#### About this exercise:
With the pictures left out, every record must be reproduced exactly.

::: Data for this exercise

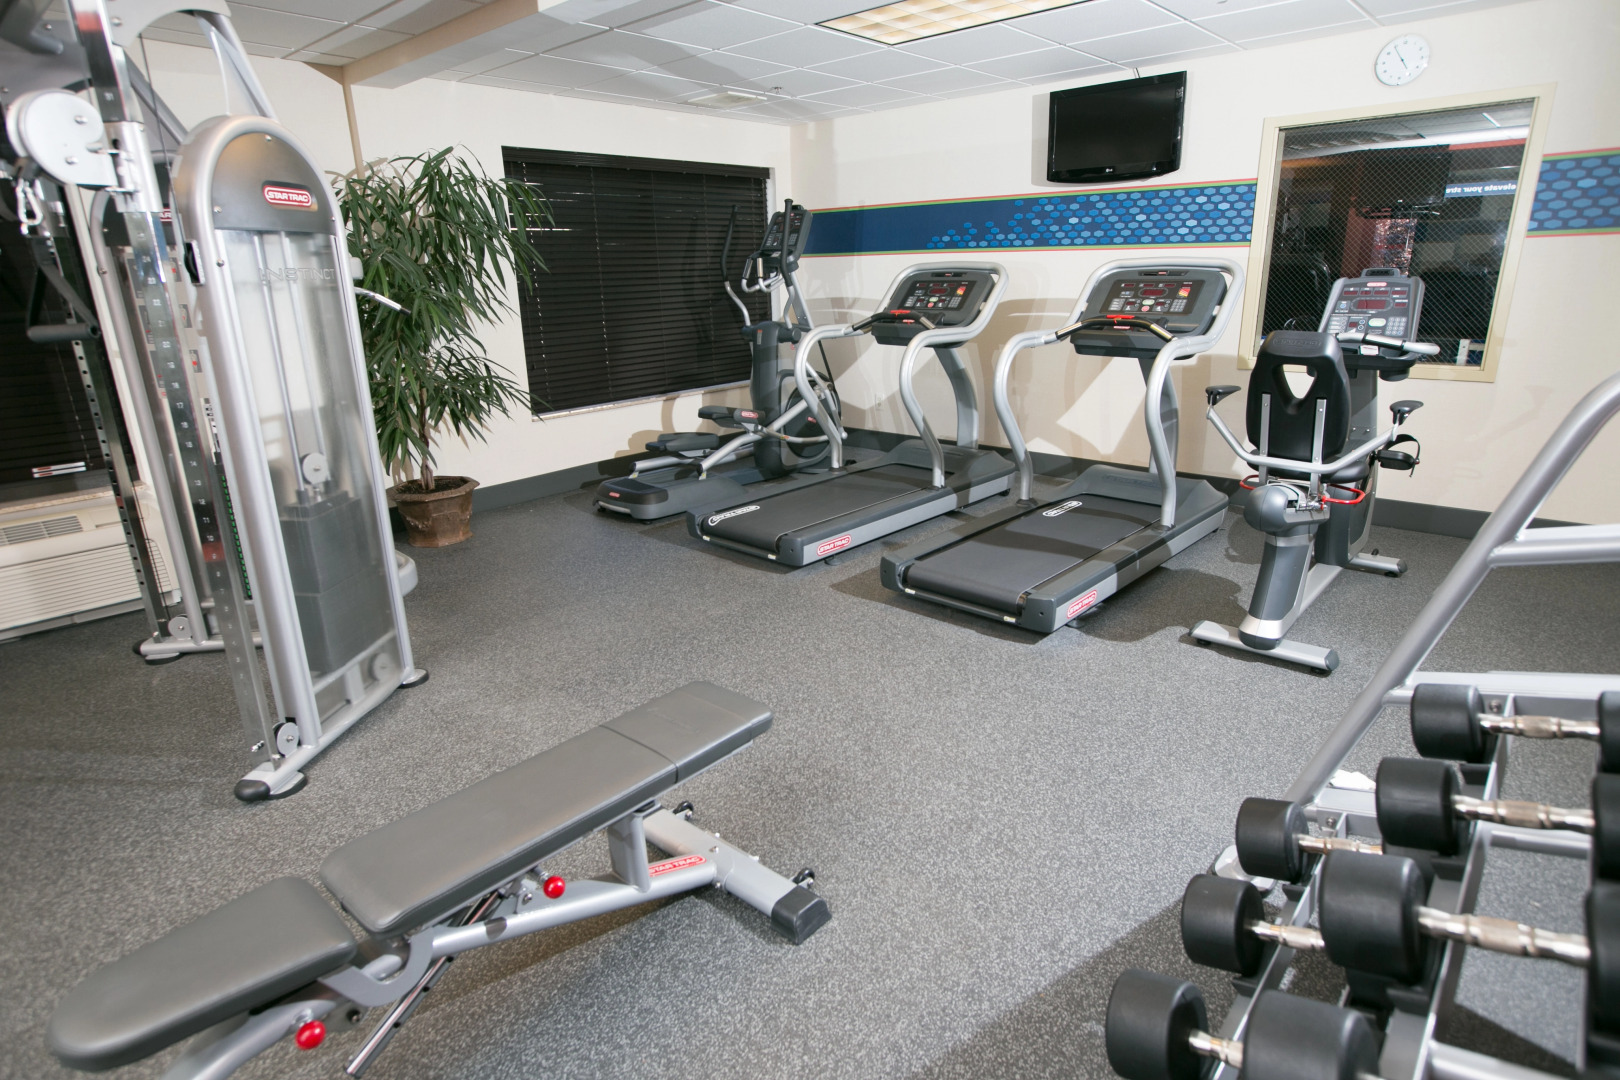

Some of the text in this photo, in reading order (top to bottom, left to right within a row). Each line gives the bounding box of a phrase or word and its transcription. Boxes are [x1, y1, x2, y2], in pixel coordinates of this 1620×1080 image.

[268, 191, 309, 202] STAR TRAC
[819, 542, 834, 552] STAR
[672, 856, 700, 867] TRAC
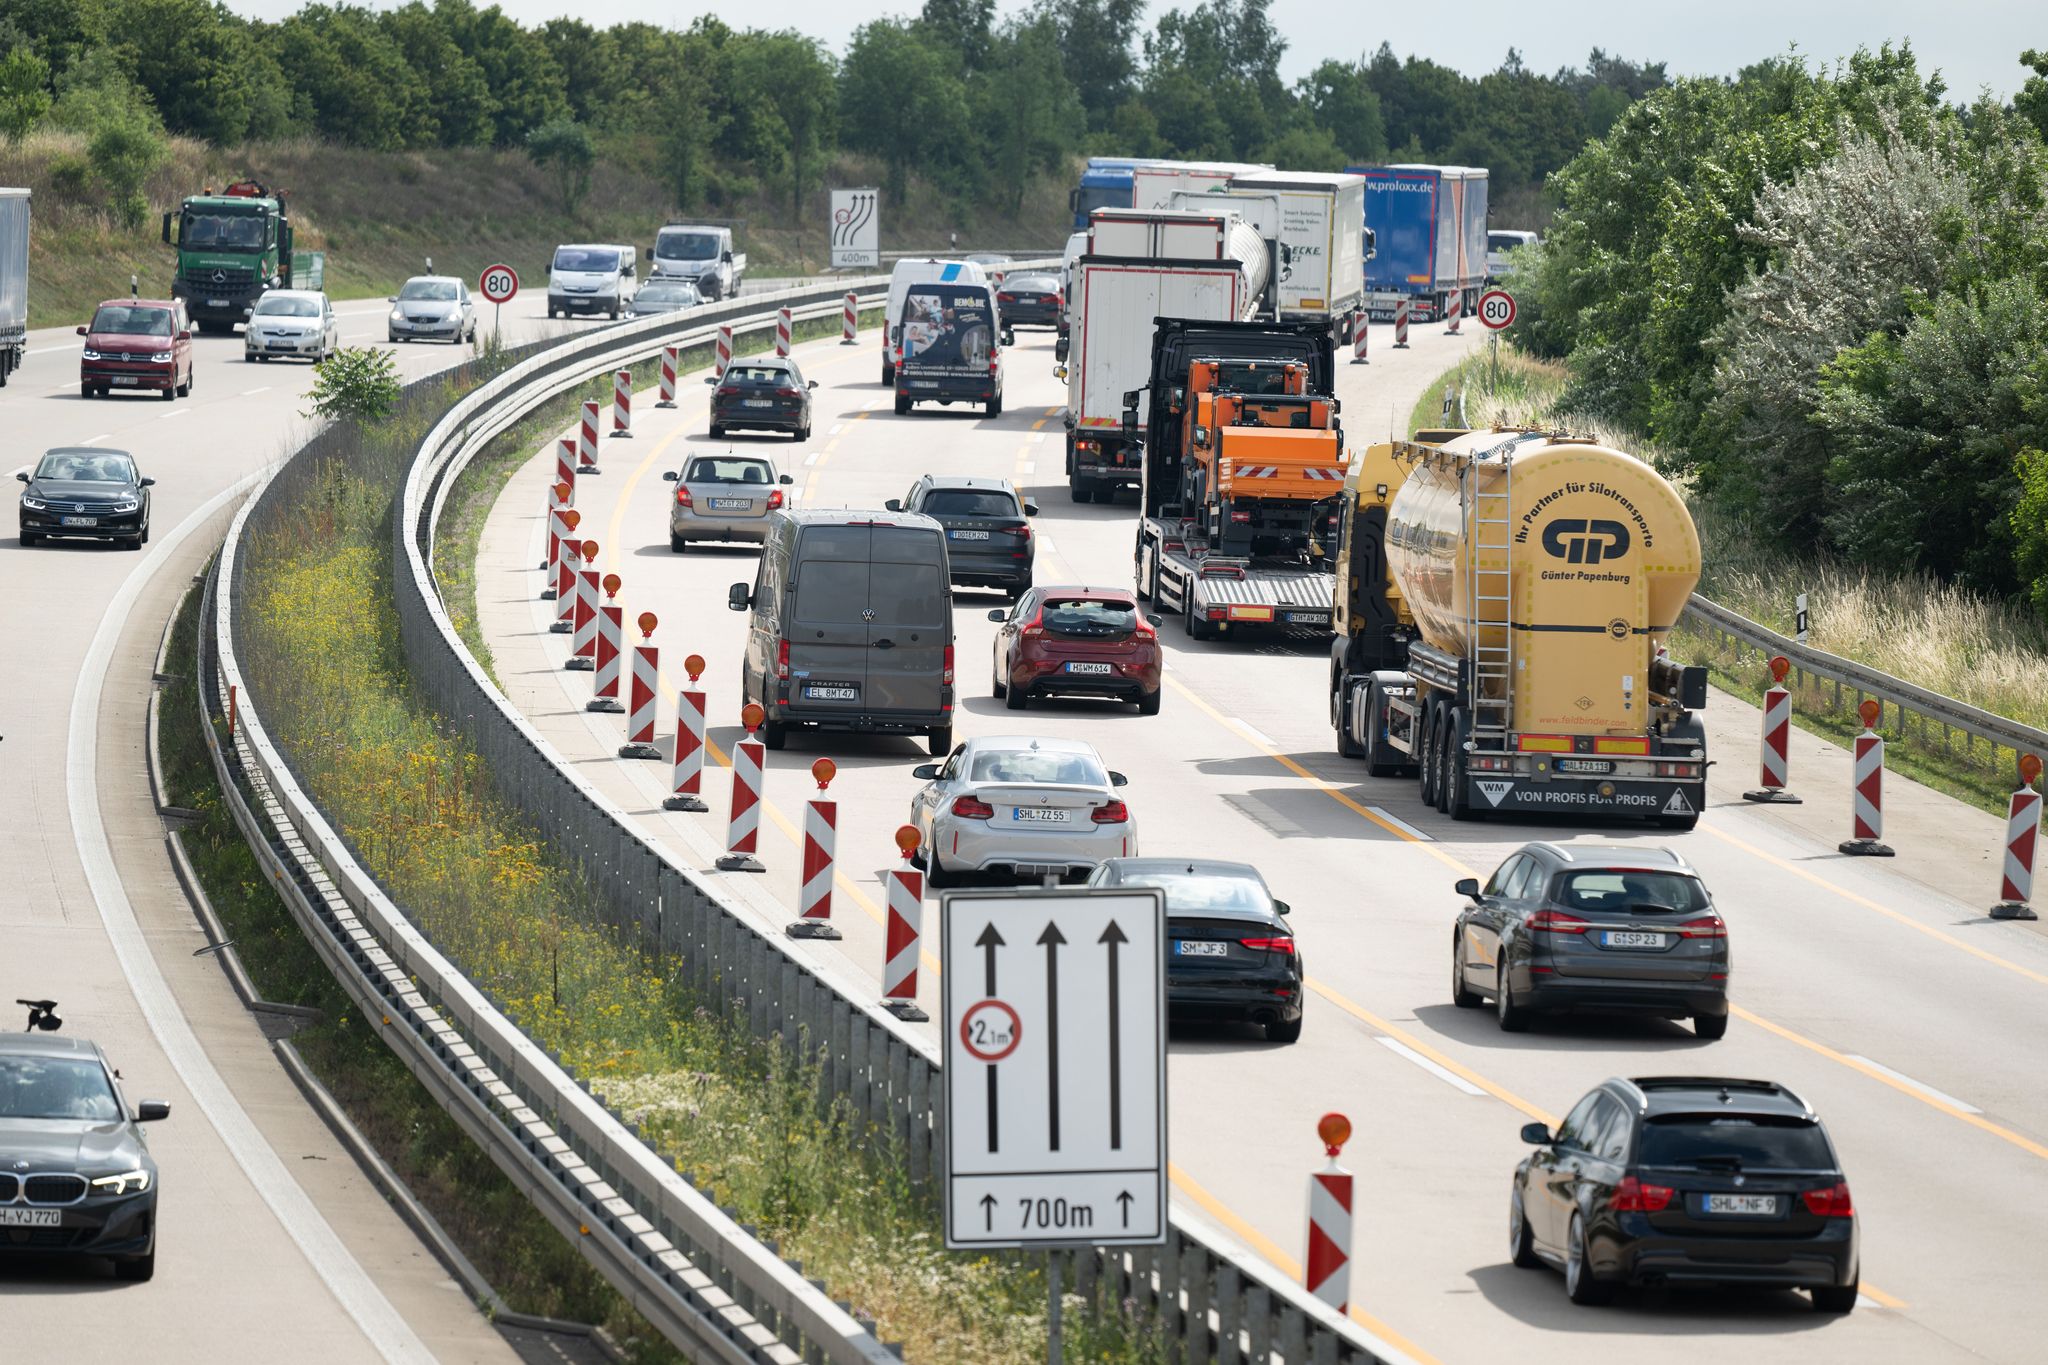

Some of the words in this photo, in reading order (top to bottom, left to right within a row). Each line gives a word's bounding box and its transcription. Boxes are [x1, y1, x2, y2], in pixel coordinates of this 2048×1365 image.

[841, 253, 870, 263] 400m
[488, 275, 510, 293] 80
[1485, 301, 1508, 319] 80
[1514, 524, 1529, 544] Ihr
[1522, 487, 1565, 524] Partner
[1565, 482, 1587, 494] für
[1588, 482, 1653, 548] Silotransporte
[1541, 570, 1575, 581] Günter
[1576, 571, 1630, 586] Papenburg
[1094, 665, 1108, 673] 614
[811, 688, 822, 697] EL
[1538, 714, 1628, 727] www.feldbinder.com
[1483, 783, 1505, 792] WM
[1515, 791, 1542, 802] VON
[1545, 792, 1586, 804] PROFIS
[1615, 794, 1657, 806] PROFIS
[1019, 809, 1035, 819] SHL
[1041, 810, 1052, 820] ZZ
[1053, 810, 1064, 820] 55
[1628, 934, 1642, 945] SP
[1643, 934, 1657, 945] 23
[1182, 942, 1197, 953] SM
[1203, 943, 1217, 954] JF
[1710, 1197, 1737, 1210] SHL
[1745, 1198, 1763, 1210] NF
[1766, 1198, 1775, 1211] 9
[15, 1210, 32, 1223] YJ
[35, 1210, 59, 1224] 770
[1019, 1198, 1093, 1230] 700m
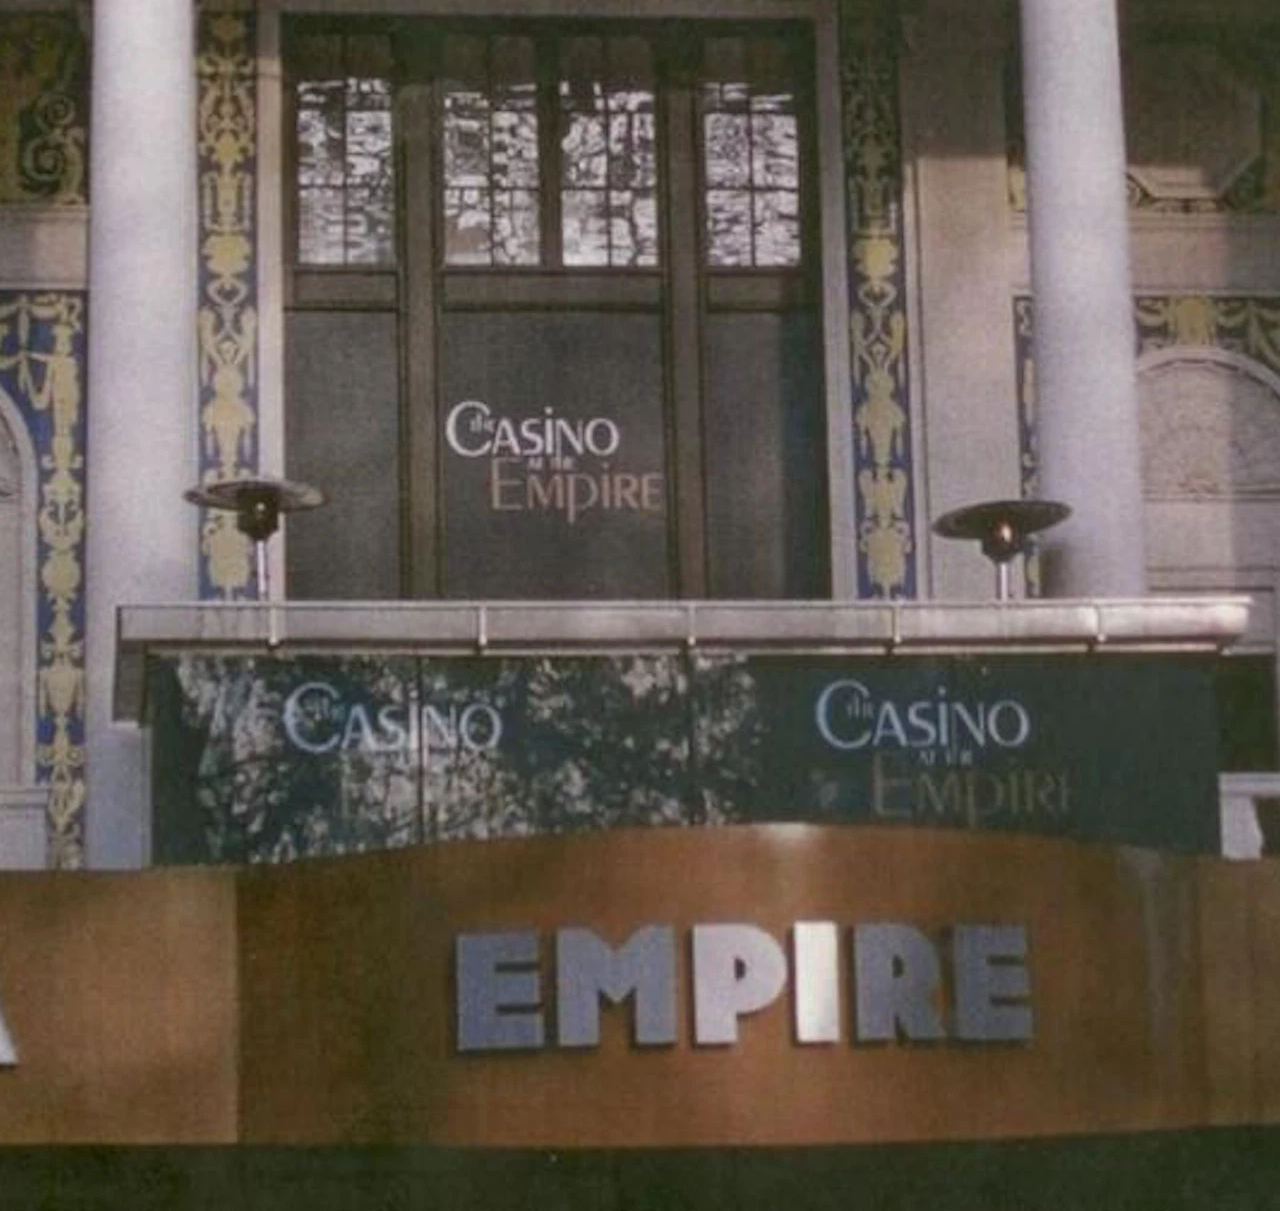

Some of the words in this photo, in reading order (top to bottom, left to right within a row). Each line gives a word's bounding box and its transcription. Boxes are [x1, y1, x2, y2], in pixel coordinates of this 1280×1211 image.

[445, 399, 620, 458] CASINO
[491, 456, 665, 525] EMPIRE
[283, 681, 503, 754] CASINO
[815, 677, 1031, 750] CASINO
[455, 919, 1035, 1053] EMPIRE
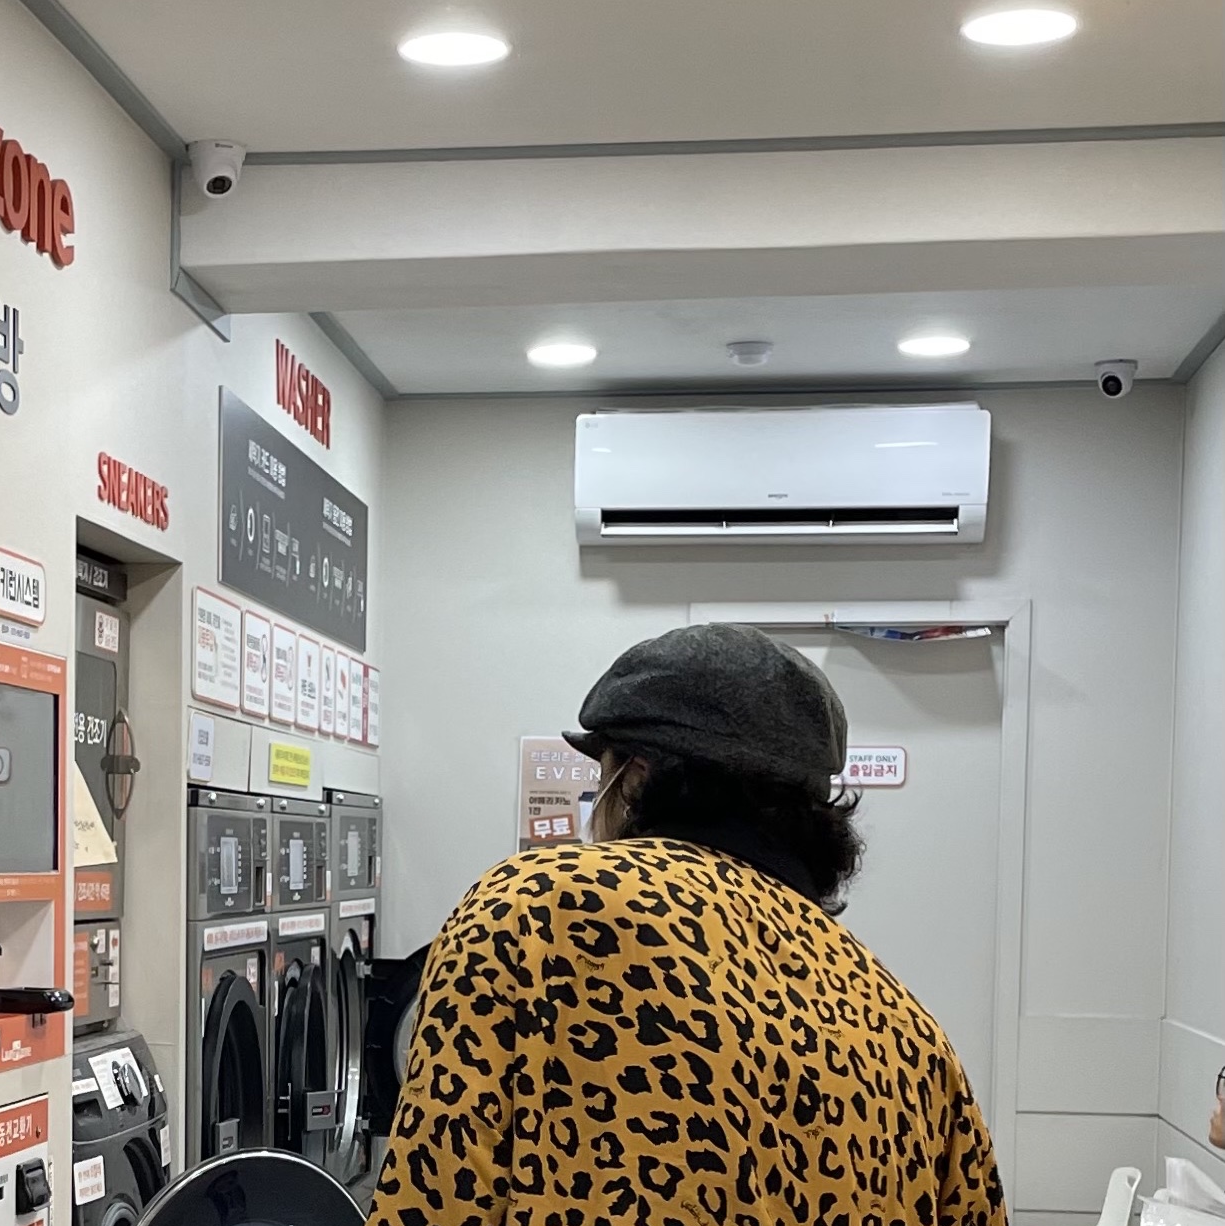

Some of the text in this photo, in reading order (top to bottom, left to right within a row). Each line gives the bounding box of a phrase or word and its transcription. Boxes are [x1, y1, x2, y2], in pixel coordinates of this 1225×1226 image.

[276, 338, 331, 451] WASHER
[97, 451, 169, 532] SNEAKERS
[87, 716, 107, 749] 건조기
[849, 755, 898, 763] STAFF ONLY
[849, 764, 898, 777] 출입금지
[534, 817, 571, 839] 무료
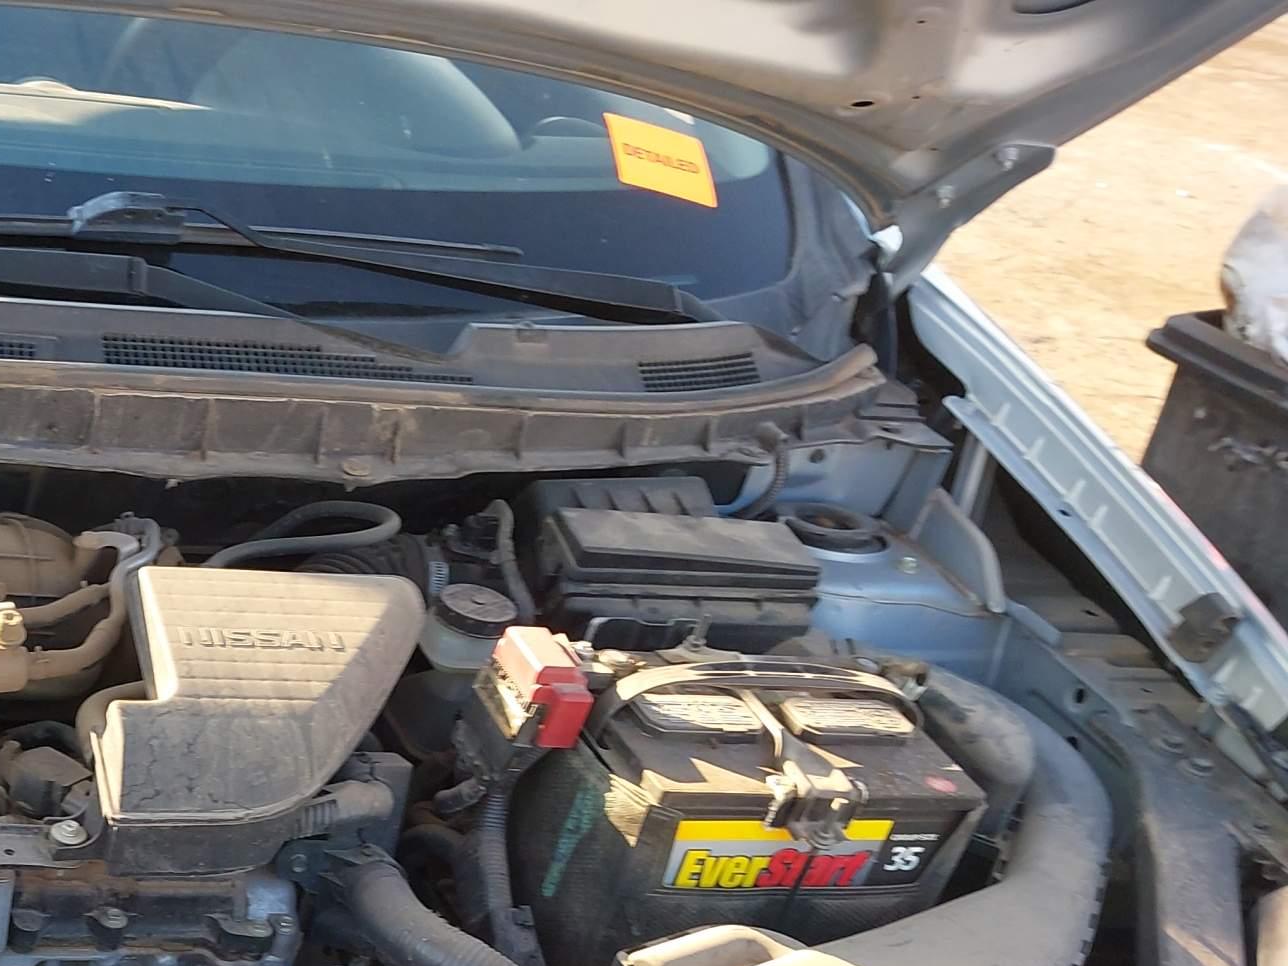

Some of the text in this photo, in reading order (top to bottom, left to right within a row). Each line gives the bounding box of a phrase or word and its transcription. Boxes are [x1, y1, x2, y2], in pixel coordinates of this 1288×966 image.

[622, 143, 699, 174] DETAILED
[177, 626, 346, 652] NISSAN
[675, 848, 871, 888] EverStart
[883, 846, 926, 871] 35

::::::

#### Final answer:
Some of the text in this photo, in reading order (top to bottom, left to right within a row). Each line gives the bounding box of a phrase or word and its transcription. Boxes are [x1, y1, x2, y2], in pixel coordinates of this 1620×1080 image.

[268, 191, 309, 202] STAR TRAC
[819, 542, 834, 552] STAR
[672, 856, 700, 867] TRAC

Some of the words in this photo, in reading order (top to bottom, left to right within a row). Each line gives a word's bounding box and its transcription. Boxes are [x1, y1, x2, y2], in pixel coordinates of this 2048×1365 image.

[841, 253, 870, 263] 400m
[488, 275, 510, 293] 80
[1485, 301, 1508, 319] 80
[1514, 524, 1529, 544] Ihr
[1522, 487, 1565, 524] Partner
[1565, 482, 1587, 494] für
[1588, 482, 1653, 548] Silotransporte
[1541, 570, 1575, 581] Günter
[1576, 571, 1630, 586] Papenburg
[1094, 665, 1108, 673] 614
[811, 688, 822, 697] EL
[1538, 714, 1628, 727] www.feldbinder.com
[1483, 783, 1505, 792] WM
[1515, 791, 1542, 802] VON
[1545, 792, 1586, 804] PROFIS
[1615, 794, 1657, 806] PROFIS
[1019, 809, 1035, 819] SHL
[1041, 810, 1052, 820] ZZ
[1053, 810, 1064, 820] 55
[1628, 934, 1642, 945] SP
[1643, 934, 1657, 945] 23
[1182, 942, 1197, 953] SM
[1203, 943, 1217, 954] JF
[1710, 1197, 1737, 1210] SHL
[1745, 1198, 1763, 1210] NF
[1766, 1198, 1775, 1211] 9
[15, 1210, 32, 1223] YJ
[35, 1210, 59, 1224] 770
[1019, 1198, 1093, 1230] 700m

Some of the words in this photo, in reading order (top to bottom, left to right within a row). Each line gives a word's bounding box and its transcription. Boxes are [x1, y1, x2, y2], in pixel coordinates of this 1280×1211 image.

[445, 399, 620, 458] CASINO
[491, 456, 665, 525] EMPIRE
[283, 681, 503, 754] CASINO
[815, 677, 1031, 750] CASINO
[455, 919, 1035, 1053] EMPIRE

Some of the text in this photo, in reading order (top to bottom, left to right within a row). Each line gives the bounding box of a phrase or word and its transcription. Boxes are [x1, y1, x2, y2], in pixel coordinates of this 1225×1226 image.

[276, 338, 331, 451] WASHER
[97, 451, 169, 532] SNEAKERS
[87, 716, 107, 749] 건조기
[849, 755, 898, 763] STAFF ONLY
[849, 764, 898, 777] 출입금지
[534, 817, 571, 839] 무료

Some of the text in this photo, in reading order (top to bottom, left to right within a row). Each line gives the bounding box of a phrase or word and its transcription. Boxes are [x1, y1, x2, y2], in pixel coordinates of this 1288×966 image.

[622, 143, 699, 174] DETAILED
[177, 626, 346, 652] NISSAN
[675, 848, 871, 888] EverStart
[883, 846, 926, 871] 35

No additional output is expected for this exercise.